**THE DATA**:
######

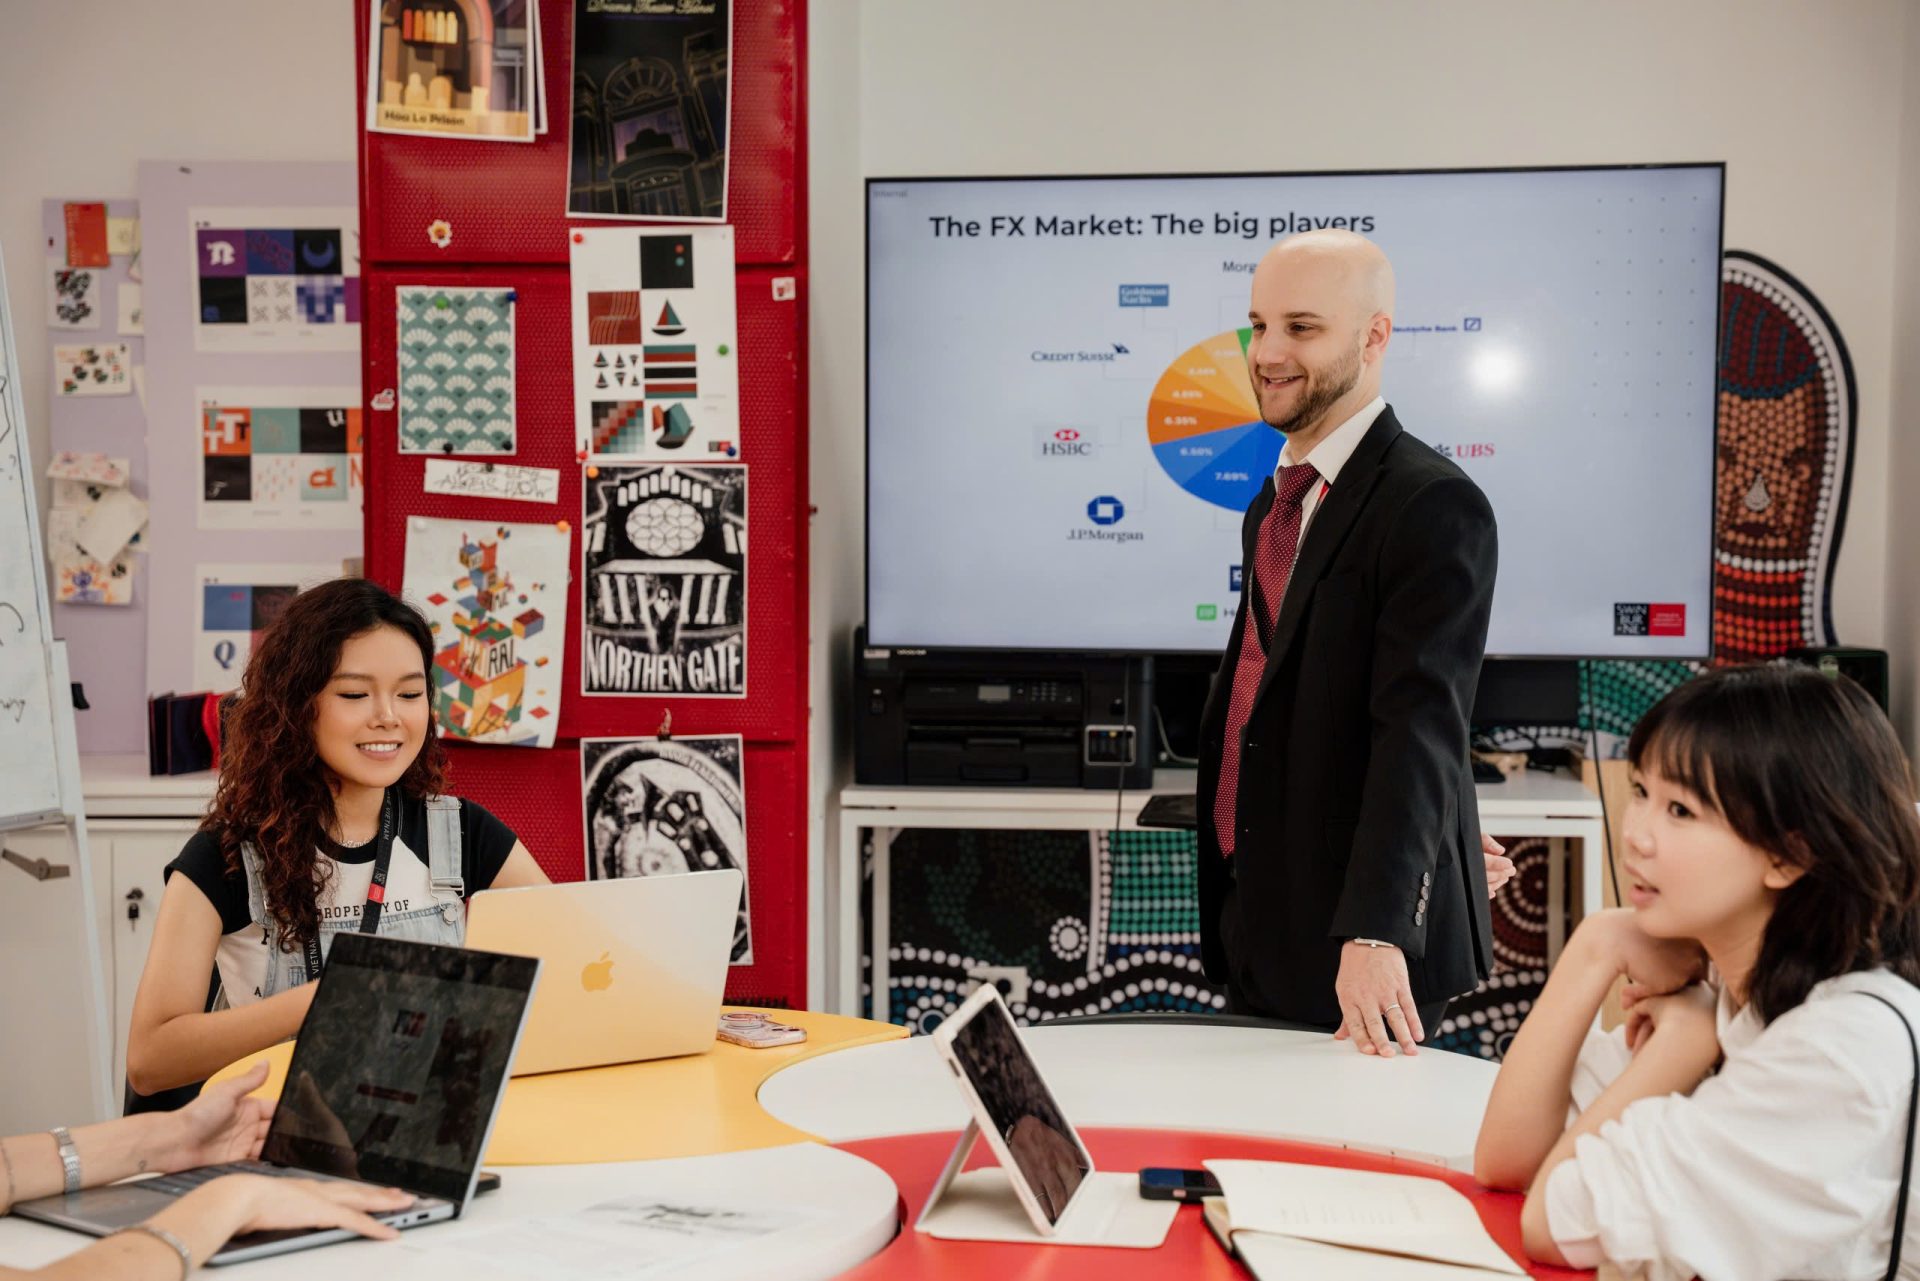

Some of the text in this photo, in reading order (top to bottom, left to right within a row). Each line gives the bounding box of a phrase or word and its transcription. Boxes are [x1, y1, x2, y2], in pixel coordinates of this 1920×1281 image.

[929, 216, 981, 237] The
[991, 215, 1025, 237] FX
[1035, 214, 1143, 236] Market:
[1151, 213, 1205, 235] The
[1214, 211, 1258, 239] big
[1222, 261, 1257, 273] Morg
[1042, 442, 1092, 456] HSBC
[1456, 443, 1496, 458] UBS
[585, 629, 743, 692] NORTHEN GATE
[324, 899, 409, 919] ROPEY OF

######

**EXERCISE DETAILS**: Nothing but the pictures is to be left out; repeat the data exactly.

**TASK ANSWER**:
Some of the text in this photo, in reading order (top to bottom, left to right within a row). Each line gives the bounding box of a phrase or word and its transcription. Boxes are [x1, y1, x2, y2], in pixel coordinates of this 1920×1281 image.

[929, 216, 981, 237] The
[991, 215, 1025, 237] FX
[1035, 214, 1143, 236] Market:
[1151, 213, 1205, 235] The
[1214, 211, 1258, 239] big
[1222, 261, 1257, 273] Morg
[1042, 442, 1092, 456] HSBC
[1456, 443, 1496, 458] UBS
[585, 629, 743, 692] NORTHEN GATE
[324, 899, 409, 919] ROPEY OF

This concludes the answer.